WHAT YOU WILL DO
The records below are to be quoted in full; please keep every word exact.

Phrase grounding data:

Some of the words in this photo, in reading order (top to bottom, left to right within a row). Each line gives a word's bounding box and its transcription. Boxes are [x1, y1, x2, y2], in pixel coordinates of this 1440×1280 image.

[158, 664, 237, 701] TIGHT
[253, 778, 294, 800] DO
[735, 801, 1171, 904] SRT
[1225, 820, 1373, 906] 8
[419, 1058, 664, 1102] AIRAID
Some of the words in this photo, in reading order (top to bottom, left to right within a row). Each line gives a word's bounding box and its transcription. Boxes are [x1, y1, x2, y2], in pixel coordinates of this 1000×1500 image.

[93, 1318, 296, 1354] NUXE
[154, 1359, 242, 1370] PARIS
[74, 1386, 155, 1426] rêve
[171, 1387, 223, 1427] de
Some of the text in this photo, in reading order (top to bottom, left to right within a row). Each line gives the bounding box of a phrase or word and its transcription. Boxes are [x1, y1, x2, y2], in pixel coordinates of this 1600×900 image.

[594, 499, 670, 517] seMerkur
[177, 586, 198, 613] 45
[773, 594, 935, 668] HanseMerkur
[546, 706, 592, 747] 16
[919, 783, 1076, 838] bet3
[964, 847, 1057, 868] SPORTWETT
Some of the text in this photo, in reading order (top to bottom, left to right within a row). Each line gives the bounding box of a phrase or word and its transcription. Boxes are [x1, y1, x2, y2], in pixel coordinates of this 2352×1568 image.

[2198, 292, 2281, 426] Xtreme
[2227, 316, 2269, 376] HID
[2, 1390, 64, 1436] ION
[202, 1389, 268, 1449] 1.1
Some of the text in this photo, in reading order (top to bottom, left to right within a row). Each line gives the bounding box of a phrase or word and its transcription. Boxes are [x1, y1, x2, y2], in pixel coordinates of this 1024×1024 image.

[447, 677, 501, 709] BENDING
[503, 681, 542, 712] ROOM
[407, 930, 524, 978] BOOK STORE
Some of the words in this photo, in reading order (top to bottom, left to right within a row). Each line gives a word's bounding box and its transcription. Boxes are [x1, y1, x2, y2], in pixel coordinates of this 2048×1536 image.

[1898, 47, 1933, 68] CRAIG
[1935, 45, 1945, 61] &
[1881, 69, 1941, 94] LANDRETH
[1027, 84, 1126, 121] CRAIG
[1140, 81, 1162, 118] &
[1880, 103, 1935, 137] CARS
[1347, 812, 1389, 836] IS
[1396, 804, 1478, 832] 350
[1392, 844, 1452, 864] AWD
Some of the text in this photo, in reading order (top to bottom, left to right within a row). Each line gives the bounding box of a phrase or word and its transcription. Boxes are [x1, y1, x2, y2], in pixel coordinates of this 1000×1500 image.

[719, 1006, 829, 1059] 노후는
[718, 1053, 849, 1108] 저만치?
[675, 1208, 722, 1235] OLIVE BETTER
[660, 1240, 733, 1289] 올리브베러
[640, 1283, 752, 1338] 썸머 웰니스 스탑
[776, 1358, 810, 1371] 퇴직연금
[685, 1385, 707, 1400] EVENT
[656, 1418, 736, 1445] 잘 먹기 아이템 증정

THE COMPLETED TASK
Some of the words in this photo, in reading order (top to bottom, left to right within a row). Each line gives a word's bounding box and its transcription. Boxes are [x1, y1, x2, y2], in pixel coordinates of this 1440×1280 image.

[158, 664, 237, 701] TIGHT
[253, 778, 294, 800] DO
[735, 801, 1171, 904] SRT
[1225, 820, 1373, 906] 8
[419, 1058, 664, 1102] AIRAID
Some of the words in this photo, in reading order (top to bottom, left to right within a row). Each line gives a word's bounding box and its transcription. Boxes are [x1, y1, x2, y2], in pixel coordinates of this 1000×1500 image.

[93, 1318, 296, 1354] NUXE
[154, 1359, 242, 1370] PARIS
[74, 1386, 155, 1426] rêve
[171, 1387, 223, 1427] de
Some of the text in this photo, in reading order (top to bottom, left to right within a row). Each line gives the bounding box of a phrase or word and its transcription. Boxes are [x1, y1, x2, y2], in pixel coordinates of this 1600×900 image.

[594, 499, 670, 517] seMerkur
[177, 586, 198, 613] 45
[773, 594, 935, 668] HanseMerkur
[546, 706, 592, 747] 16
[919, 783, 1076, 838] bet3
[964, 847, 1057, 868] SPORTWETT
Some of the text in this photo, in reading order (top to bottom, left to right within a row). Each line gives the bounding box of a phrase or word and its transcription. Boxes are [x1, y1, x2, y2], in pixel coordinates of this 2352×1568 image.

[2198, 292, 2281, 426] Xtreme
[2227, 316, 2269, 376] HID
[2, 1390, 64, 1436] ION
[202, 1389, 268, 1449] 1.1
Some of the text in this photo, in reading order (top to bottom, left to right within a row). Each line gives the bounding box of a phrase or word and its transcription. Boxes are [x1, y1, x2, y2], in pixel coordinates of this 1024×1024 image.

[447, 677, 501, 709] BENDING
[503, 681, 542, 712] ROOM
[407, 930, 524, 978] BOOK STORE
Some of the words in this photo, in reading order (top to bottom, left to right within a row). Each line gives a word's bounding box and its transcription. Boxes are [x1, y1, x2, y2], in pixel coordinates of this 2048×1536 image.

[1898, 47, 1933, 68] CRAIG
[1935, 45, 1945, 61] &
[1881, 69, 1941, 94] LANDRETH
[1027, 84, 1126, 121] CRAIG
[1140, 81, 1162, 118] &
[1880, 103, 1935, 137] CARS
[1347, 812, 1389, 836] IS
[1396, 804, 1478, 832] 350
[1392, 844, 1452, 864] AWD
Some of the text in this photo, in reading order (top to bottom, left to right within a row). Each line gives the bounding box of a phrase or word and its transcription. Boxes are [x1, y1, x2, y2], in pixel coordinates of this 1000×1500 image.

[719, 1006, 829, 1059] 노후는
[718, 1053, 849, 1108] 저만치?
[675, 1208, 722, 1235] OLIVE BETTER
[660, 1240, 733, 1289] 올리브베러
[640, 1283, 752, 1338] 썸머 웰니스 스탑
[776, 1358, 810, 1371] 퇴직연금
[685, 1385, 707, 1400] EVENT
[656, 1418, 736, 1445] 잘 먹기 아이템 증정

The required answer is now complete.